YOUR OBJECTIVE:
In your transcription, keep every record exact and leave out the pictures.

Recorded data
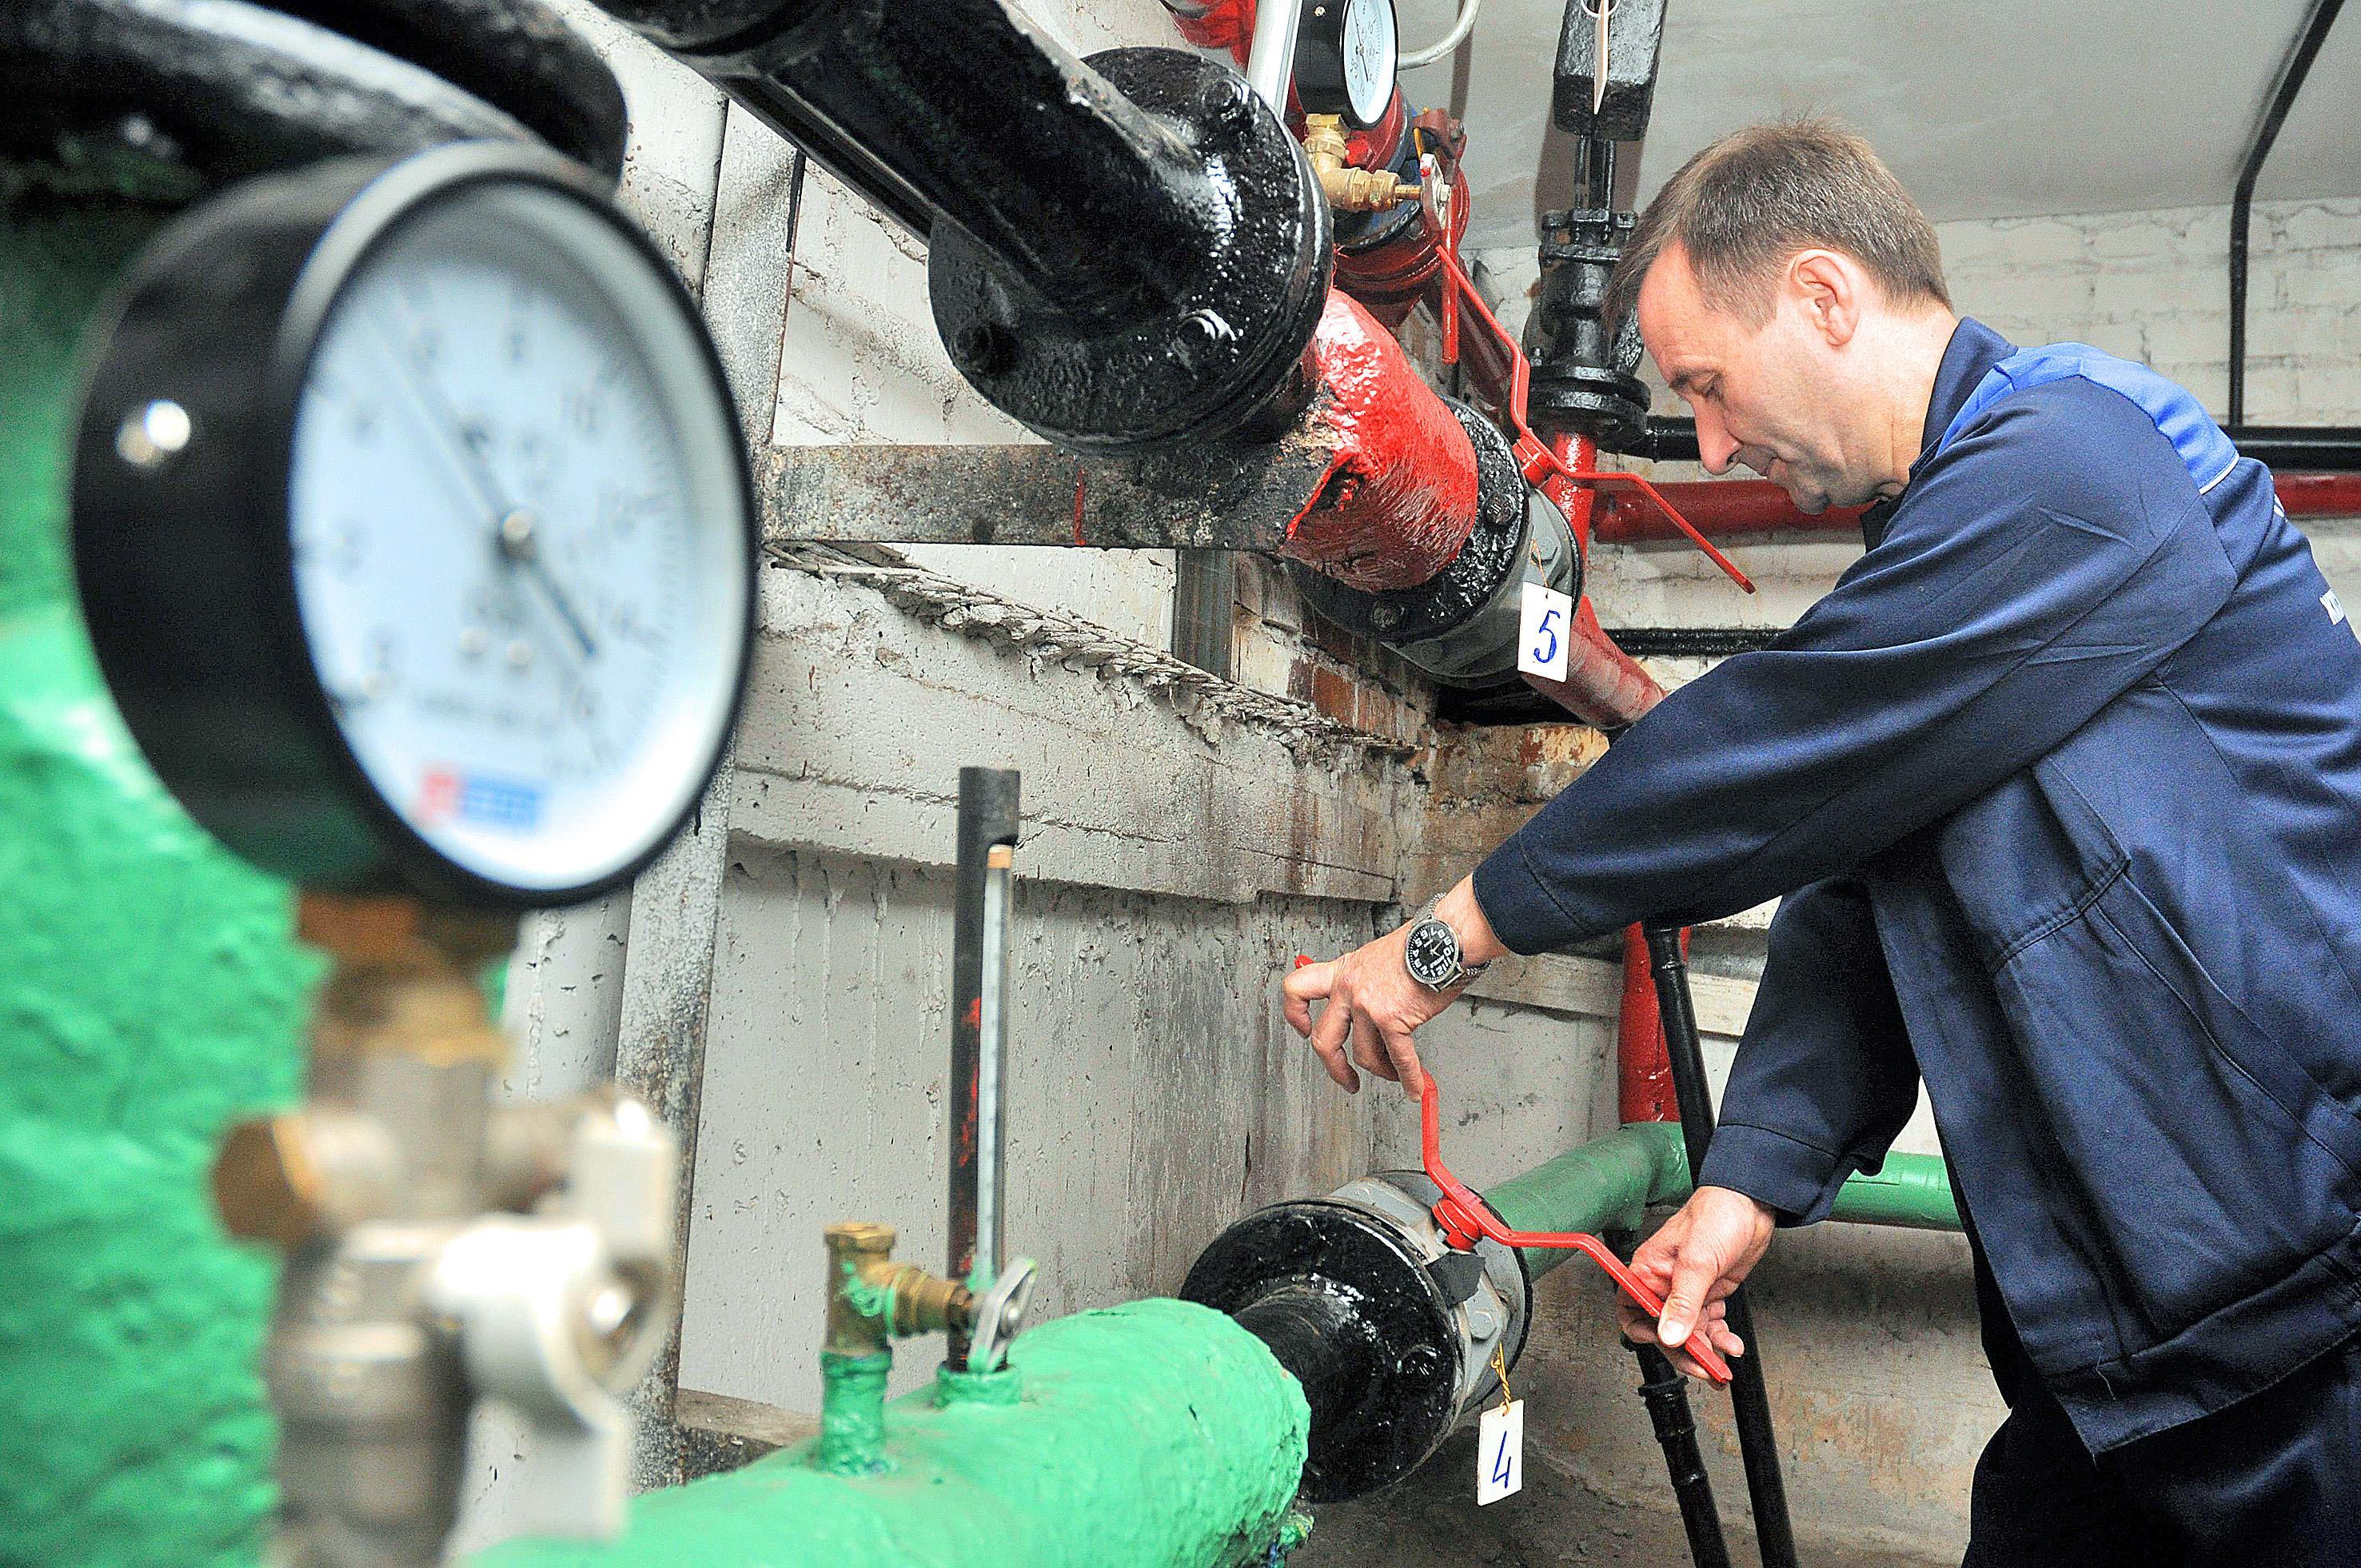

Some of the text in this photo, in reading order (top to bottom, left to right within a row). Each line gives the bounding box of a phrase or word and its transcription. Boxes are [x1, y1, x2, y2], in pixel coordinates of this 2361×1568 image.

[1533, 609, 1561, 664] 5
[1420, 929, 1428, 940] 6
[1430, 927, 1437, 936] 7
[1438, 929, 1446, 939] 8
[1414, 938, 1422, 947] 5
[1443, 936, 1451, 945] 9
[1443, 945, 1454, 956] 10
[1414, 958, 1422, 968] 3
[1443, 956, 1452, 967] 11
[1420, 965, 1429, 975] 2
[1436, 964, 1446, 976] 12
[1491, 1430, 1513, 1489] 4

EXERCISE SOLUTION:
Some of the text in this photo, in reading order (top to bottom, left to right within a row). Each line gives the bounding box of a phrase or word and its transcription. Boxes are [x1, y1, x2, y2], in pixel coordinates of this 2361×1568 image.

[1533, 609, 1561, 664] 5
[1420, 929, 1428, 940] 6
[1430, 927, 1437, 936] 7
[1438, 929, 1446, 939] 8
[1414, 938, 1422, 947] 5
[1443, 936, 1451, 945] 9
[1443, 945, 1454, 956] 10
[1414, 958, 1422, 968] 3
[1443, 956, 1452, 967] 11
[1420, 965, 1429, 975] 2
[1436, 964, 1446, 976] 12
[1491, 1430, 1513, 1489] 4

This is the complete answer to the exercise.